Qシンクは二槽と三槽のどちらが必要ですか?
A保健所検査では二槽+手洗い器が標準ですが、所轄の保健所によっては三槽シンクを指定されます。食器洗浄機を1槽として扱えるかにも地域差があるため、管轄の保健所への事前相談をおすすめします。手洗い設備と扉付き収納は、どの業態でも要件になります。
Q厨房機器は中古で揃えても大丈夫ですか?
Aシンク・作業台・吊戸棚などの造作類は中古で問題になりにくい一方、製氷機・食器洗浄機のように稼働部と水を扱う機器は、故障したときに営業が止まるリスクを踏まえて判断してください。LPGと都市ガスは器具の仕様(ノズル・調整器)が異なり、後から変更できない機種もあるため、ガス機器を中古で買う場合はガス種の指定が必須です。
Q診断結果だけで発注してよいですか?
Aいいえ。本ツールの面積判定は、機器の設置寸法を単純に合計して厨房面積と比較した参考値です。「配置可能」と出ても図面上で入らないことがあり、逆に「配置注意」でもレイアウトの工夫で収まる場合があります。金額も代表的な機種の相場に基づく概算で、実売価格ではありません。確定させるには厨房レイアウト図と設備総容量リストが必要です。
まとめこの記事の要点
- 厨房機器一式は20席規模で新品150〜300万円、中古中心なら60〜130万円(本体価格のみ)。工事費と内装費は別途。

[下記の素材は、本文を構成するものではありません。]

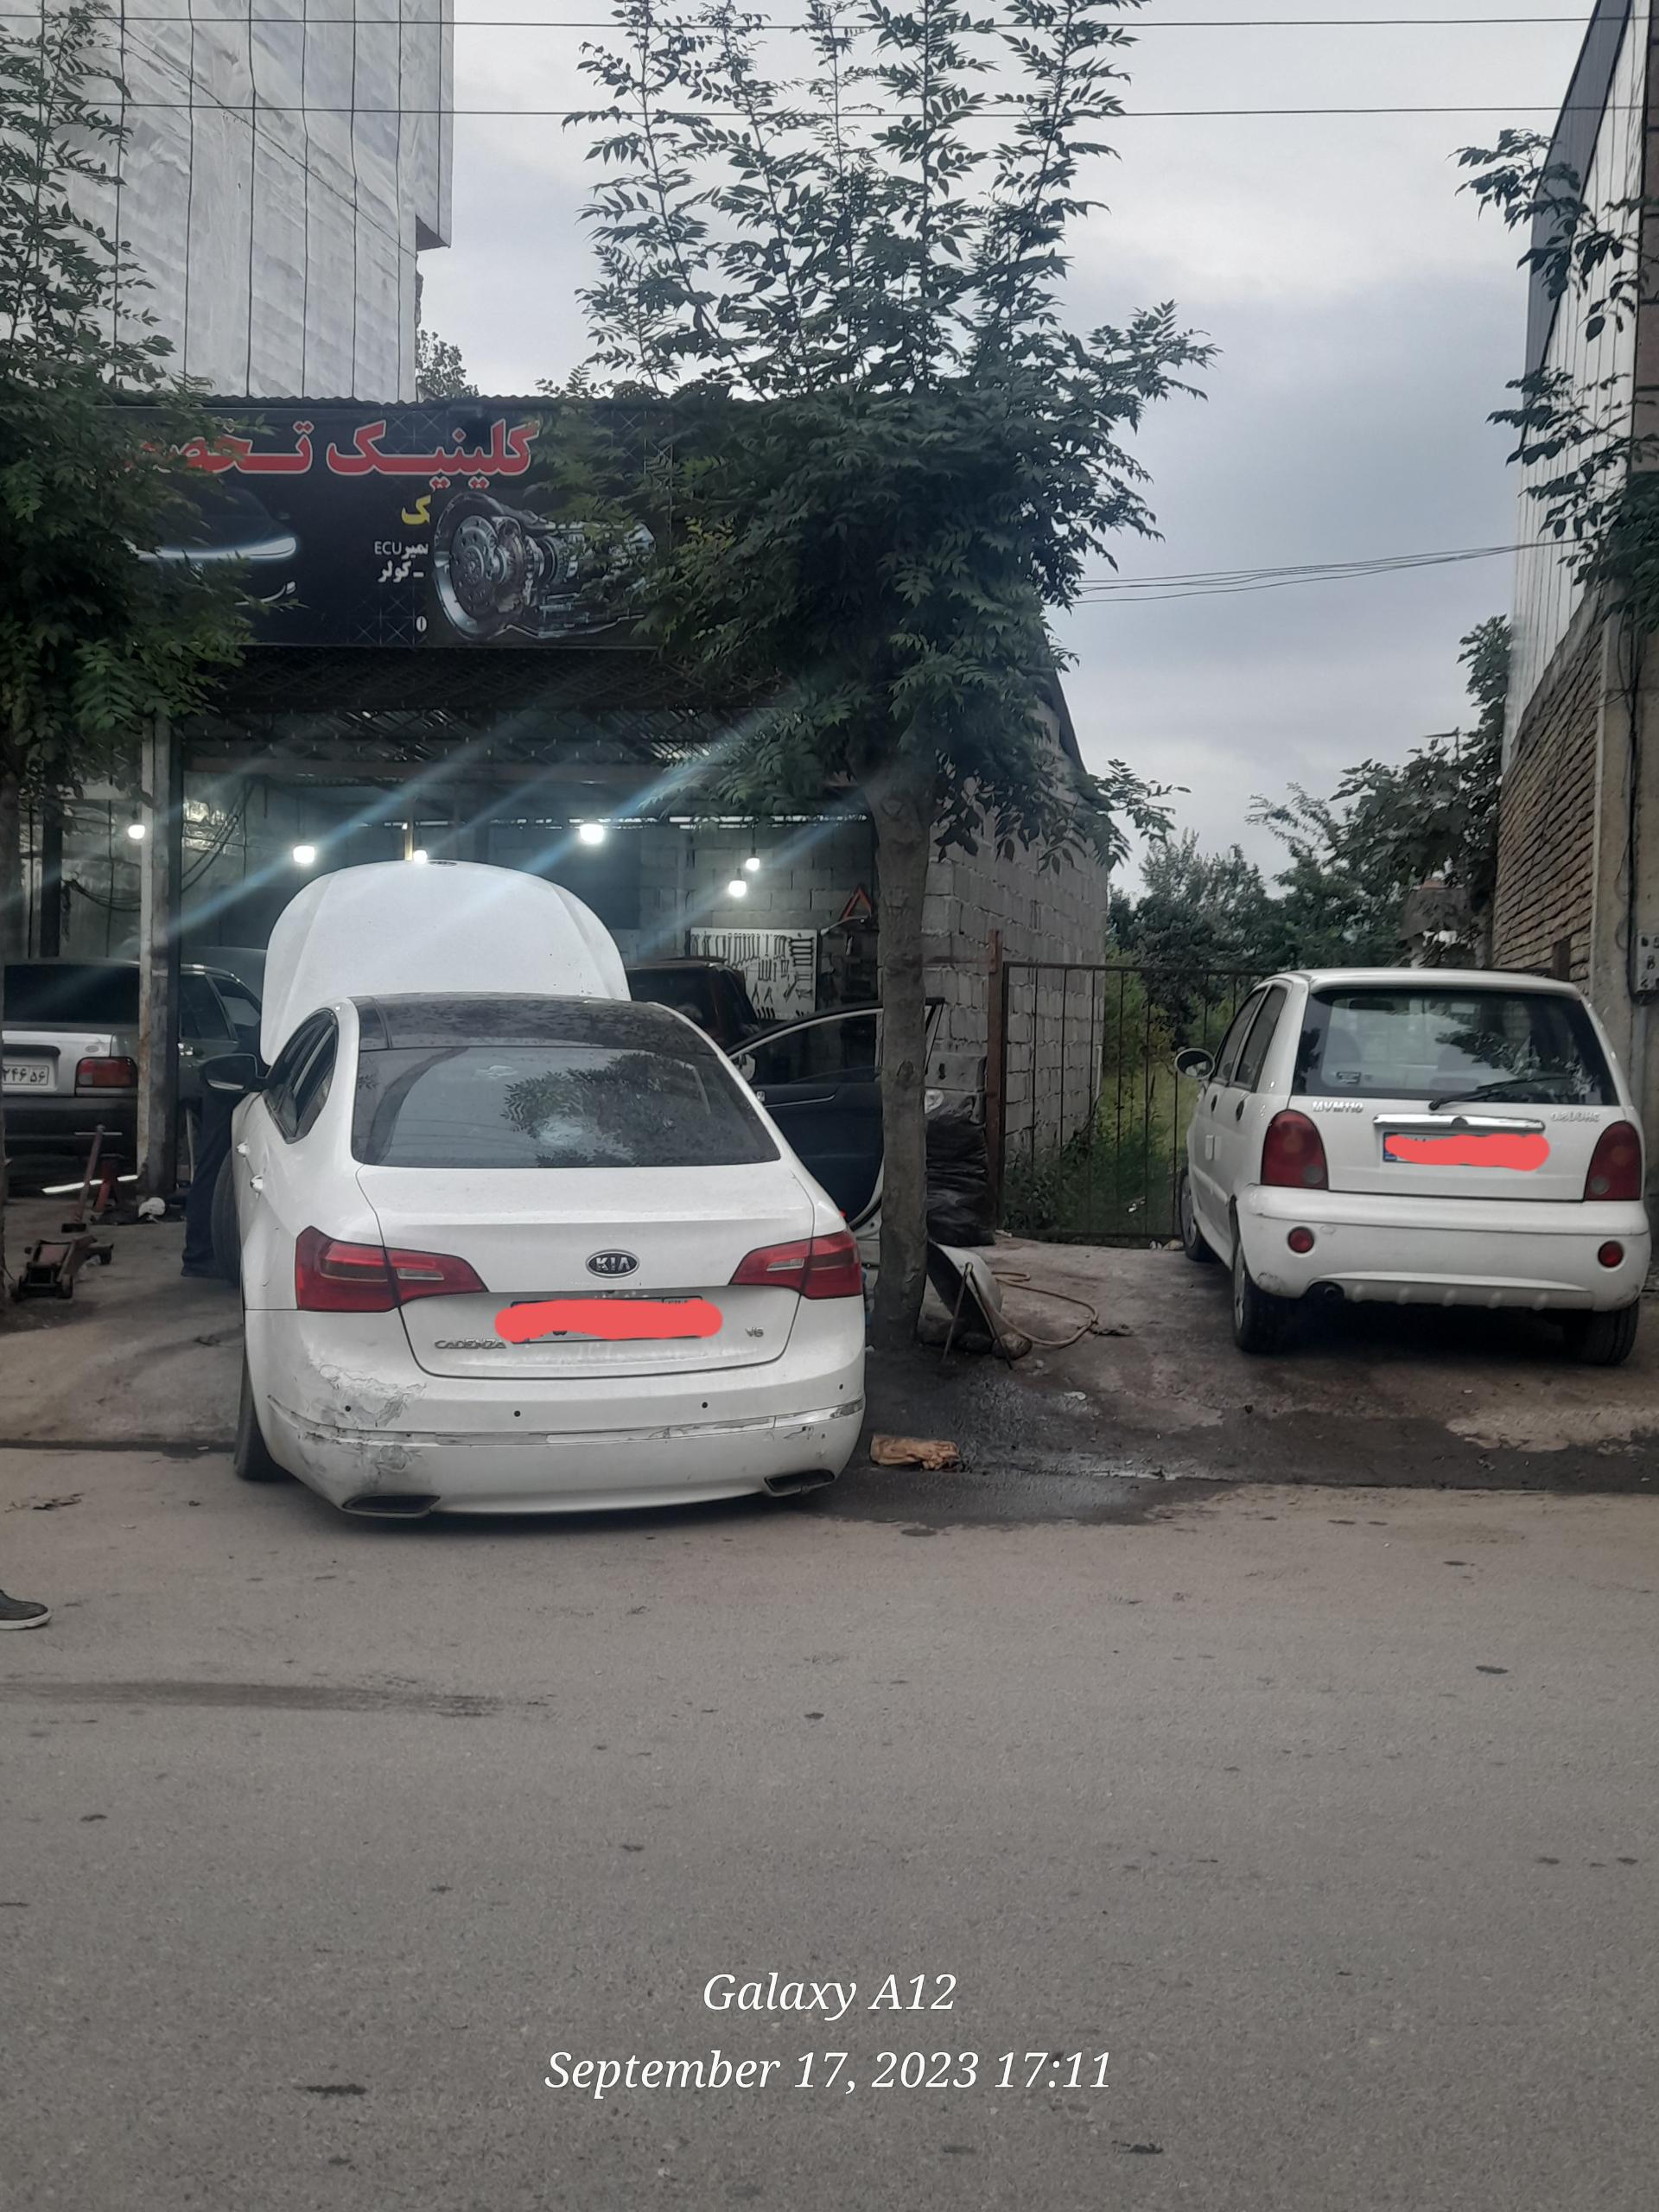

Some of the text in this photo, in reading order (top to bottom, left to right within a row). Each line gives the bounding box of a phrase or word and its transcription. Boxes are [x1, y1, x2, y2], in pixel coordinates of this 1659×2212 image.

[326, 418, 541, 491] کلینیک
[373, 540, 402, 555] ECU
[1313, 1100, 1363, 1113] MVM110
[596, 1256, 631, 1271] KIA
[745, 1326, 764, 1338] V6
[434, 1338, 507, 1349] CADENZA
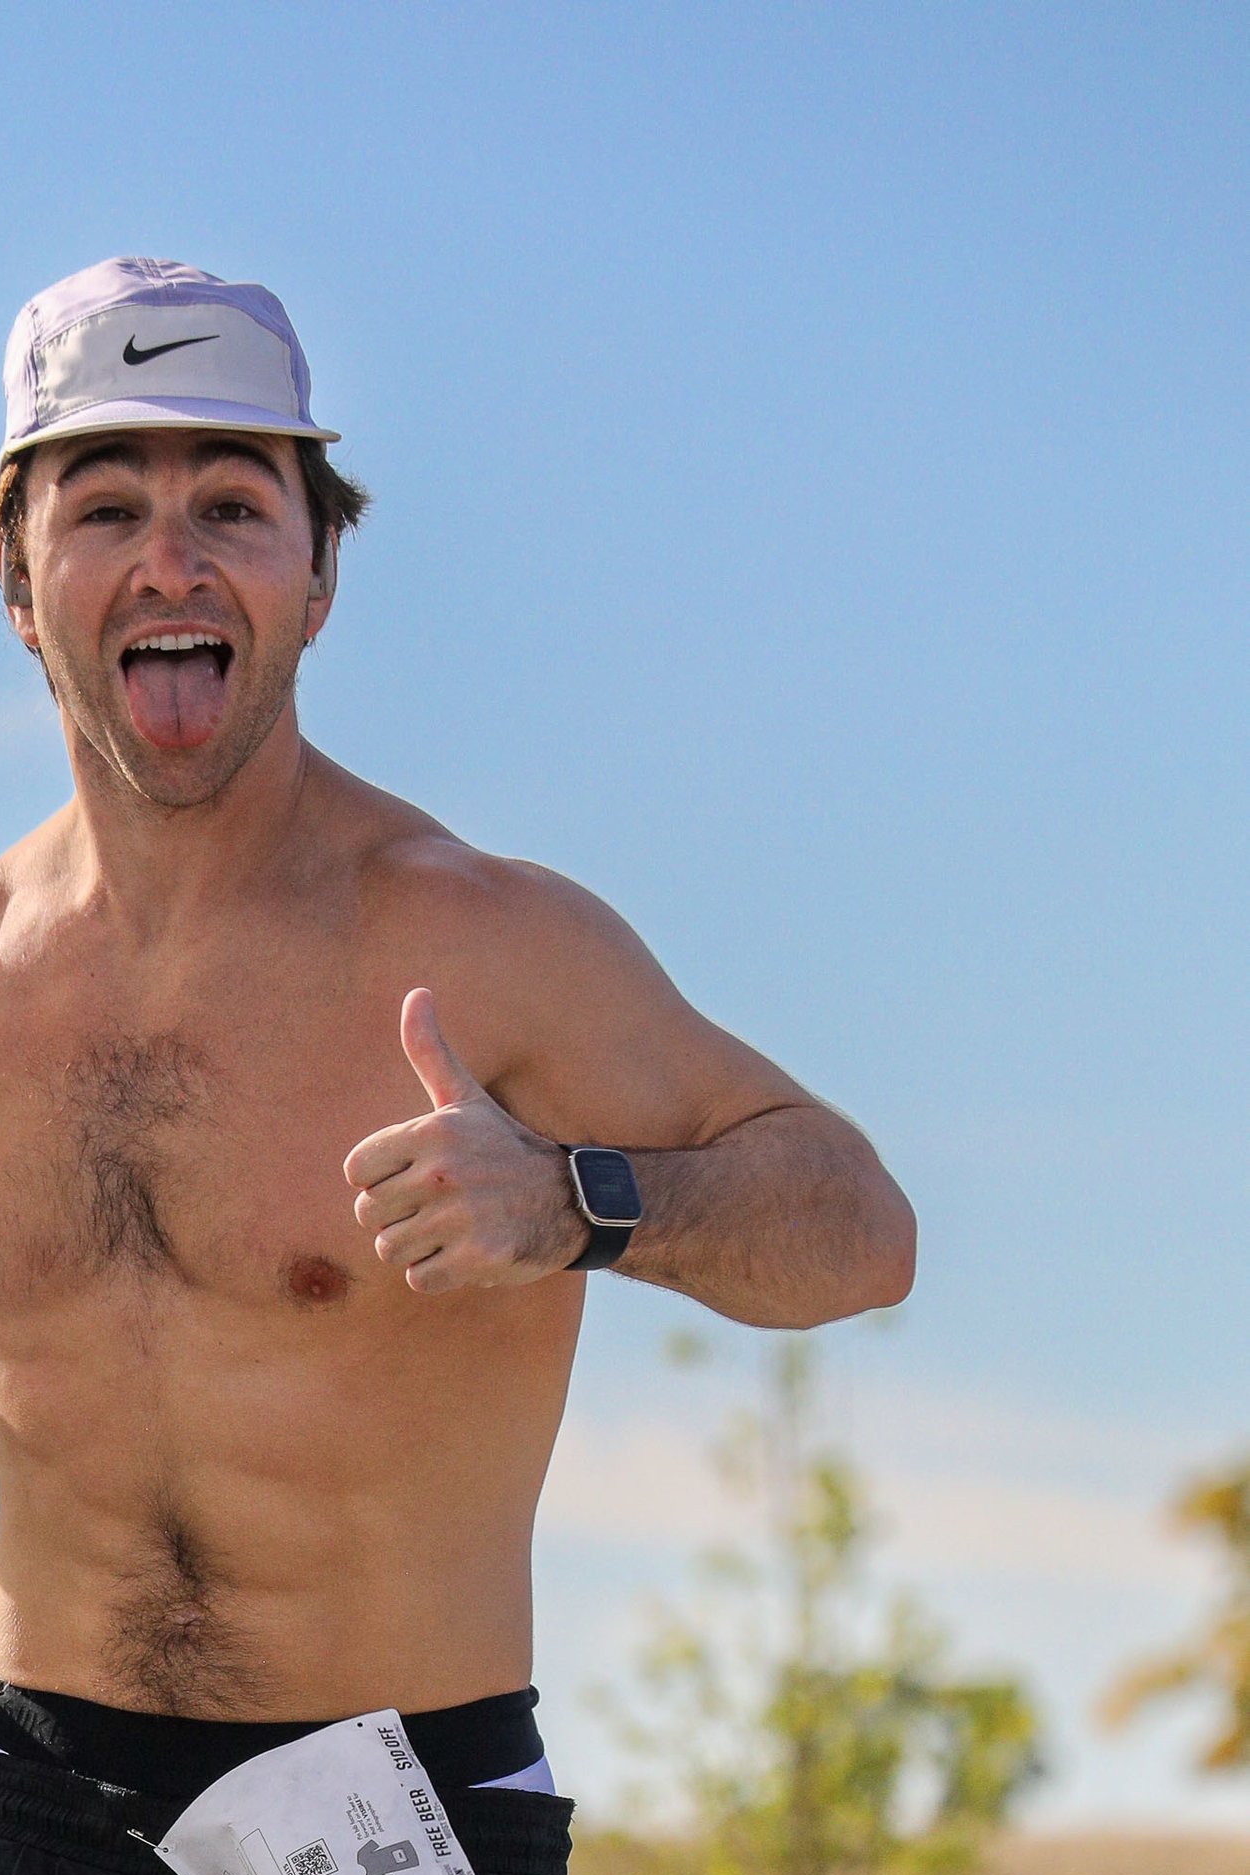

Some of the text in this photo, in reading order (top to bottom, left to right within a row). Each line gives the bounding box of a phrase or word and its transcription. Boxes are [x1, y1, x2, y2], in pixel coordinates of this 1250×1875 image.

[377, 1727, 400, 1748] OFF
[391, 1748, 413, 1771] $10
[354, 1799, 369, 1819] VISIBLE
[409, 1788, 452, 1857] FREE BEER

- 厨房面積は延床の3分の1が目安。ただし寸法が収まっても、間口・柱・梁・給排水の位置で配置できないことがある。
- 三相200Vとシンクの槽数は、物件契約と着工の前に確認する。あとから変えると費用が跳ね上がる。
- 中古は造作類なら問題になりにくい。稼働部と水を扱う機器は、止まったときの損失で判断する。
- 診断結果は参考値。確定させるには厨房レイアウト図と設備総容量リストが必要。
ここに挙げた6つは、実際に相談を受けるなかで繰り返し聞かれてきた質問です。共通しているのは、どれも「物件を決める前」に答えを持っておきたいものだということ。契約してからでは選べる範囲が一気に狭くなります。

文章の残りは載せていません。